You have a whole bunch of cough medicine.

Walgreens says: “I want to buy your cough medicine and sell it. I’ll pay $8 a box. We resell it at corner stores for $10 box.”

Black Market says: “I want to buy your cough medicine and sell it. I’ll pay $16 a box. We’ll have a significant profit. We won’t say who or how it’ll be used. Don’t tell anyone we bought from you. No more questions!“

Sure… you could sell to the latter, but there are significant burdens you must pay the seller for, unrelated to their discovery efforts. A black market needs to compensate for these burdens. Example: If the buyer could end up cooking bulk meth and ratting you out after they’re caught, the seller will need to be compensated for that possible risk.

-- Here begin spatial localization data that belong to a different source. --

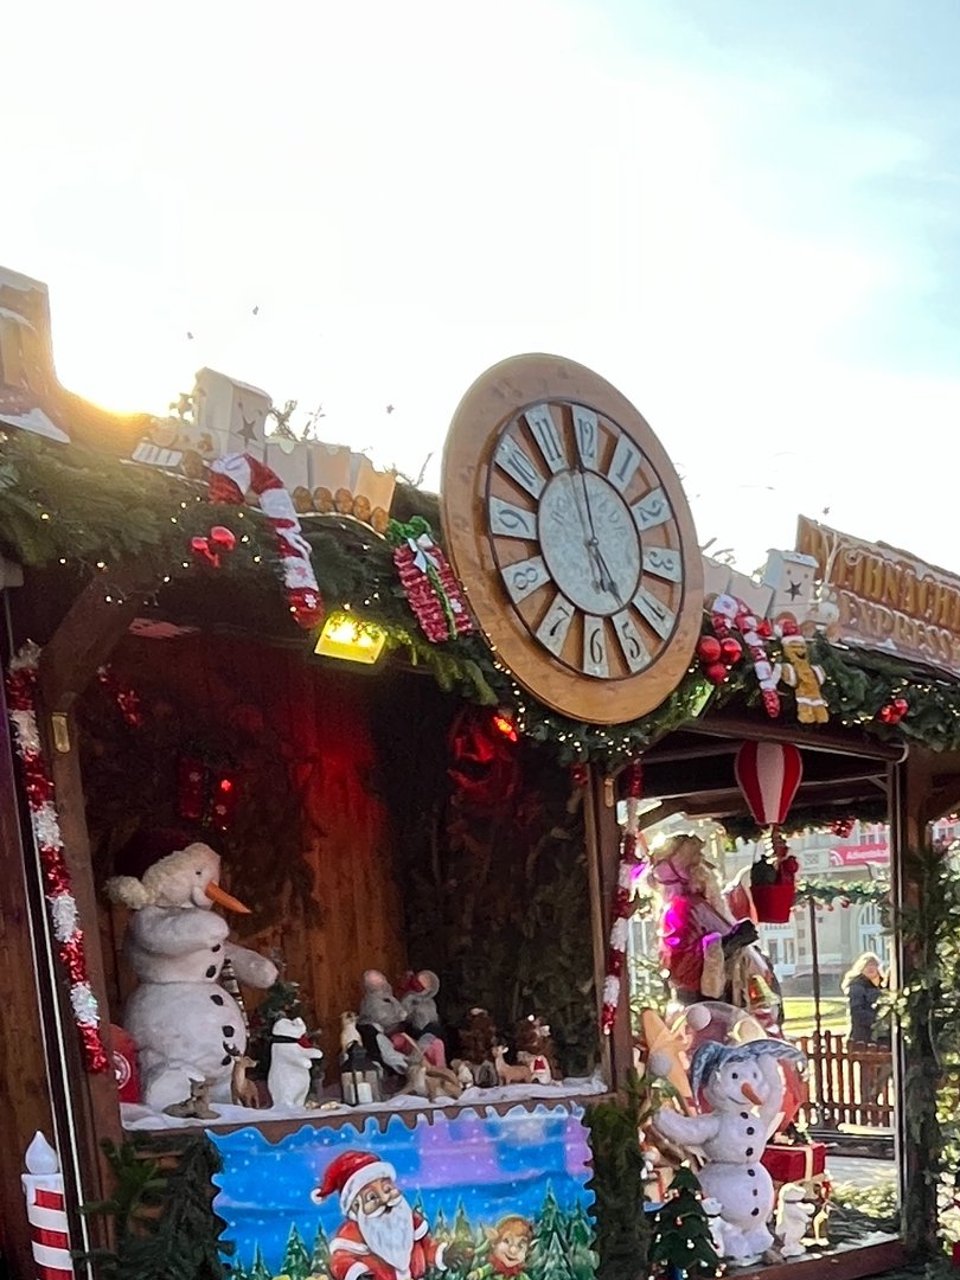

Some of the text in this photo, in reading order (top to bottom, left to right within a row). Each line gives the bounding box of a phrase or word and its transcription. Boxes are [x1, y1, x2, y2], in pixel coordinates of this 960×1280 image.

[534, 417, 563, 463] 11
[577, 417, 595, 459] 12
[506, 451, 540, 488] 10
[615, 450, 634, 483] 1
[498, 508, 530, 533] 9
[639, 500, 666, 523] 2
[650, 550, 675, 572] 3
[512, 566, 539, 591] 8
[548, 605, 571, 637] 7
[641, 595, 667, 622] 4
[840, 588, 953, 660] EXPRESS
[589, 628, 604, 665] 6
[621, 621, 642, 660] 5
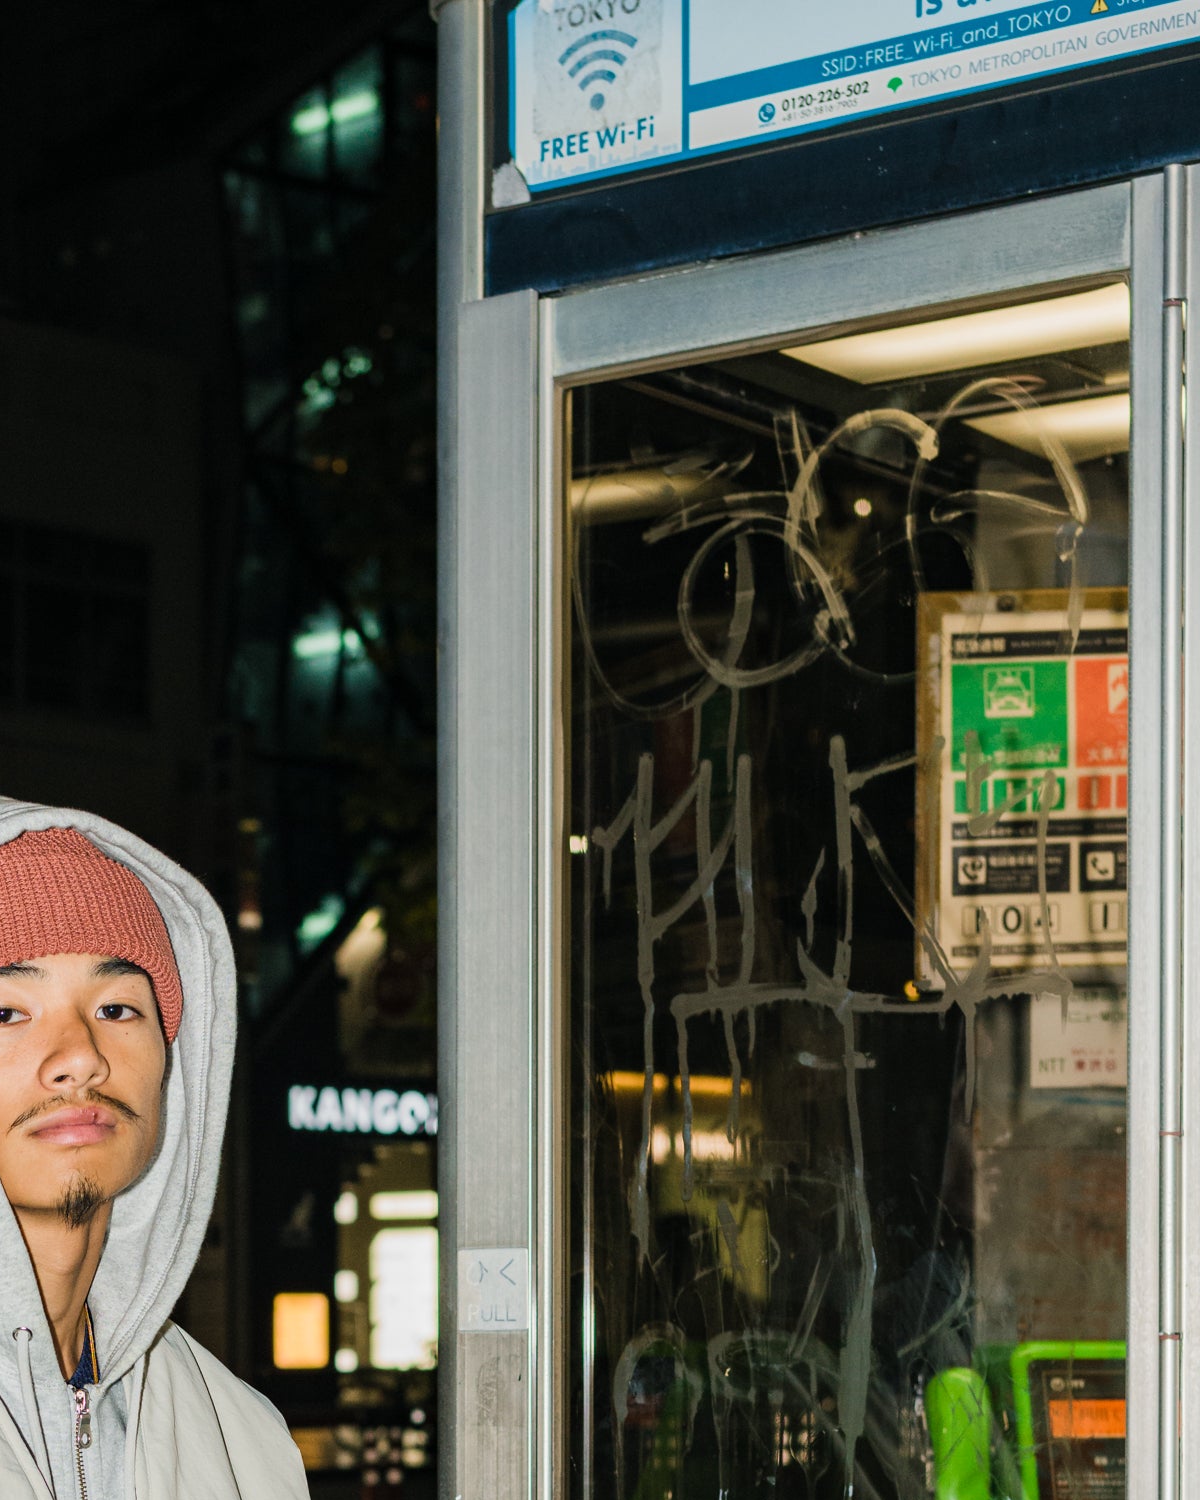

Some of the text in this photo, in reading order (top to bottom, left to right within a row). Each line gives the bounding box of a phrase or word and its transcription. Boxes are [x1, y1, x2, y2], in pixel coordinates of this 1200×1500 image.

[554, 0, 640, 31] TOKYO
[910, 10, 1200, 88] TOKYO METROPOLITAN GOVERNMEN
[782, 81, 870, 112] 0120-226-502
[540, 115, 654, 162] FREE Wi-Fi

Otherwise if the tradeoff isn’t right, you’d just sell to Walgreens.

Let’s continue this analogy with some security scenarios.

You have a security vulnerability.

Bug Bounty program says: “I want to fix vulnerabilities. We reward $5000 for big bugs, $500 for small. We can’t profit off of a vuln, and we have a lot of others to fix, so we plan on making our bounty budget go a long way.”

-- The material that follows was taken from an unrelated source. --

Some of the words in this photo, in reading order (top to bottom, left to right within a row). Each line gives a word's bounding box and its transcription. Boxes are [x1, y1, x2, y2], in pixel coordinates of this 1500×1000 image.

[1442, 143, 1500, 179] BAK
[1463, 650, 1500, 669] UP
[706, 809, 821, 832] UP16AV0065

Black Market says “I weaponize vulns into exploits and use them. I won’t tell you who will be exploited. Make sure this vuln is exclusive to us and the transaction is confidential. I’ll offer you plenty at $100k because maybe I’m either profiting in criminal sized proportions or funded by a defense budget. Also, your name could be associated with my attack: Law enforcement or intelligence agencies may become interested in you as an accomplice.”

The “black market” route accumulates risk that must be managed:

  • You must maintain an ops-sec overhead to manage that risk.
  • You must maintain secrecy to maintain the value of what is sold.
  • You must share unknown risk with the buyer.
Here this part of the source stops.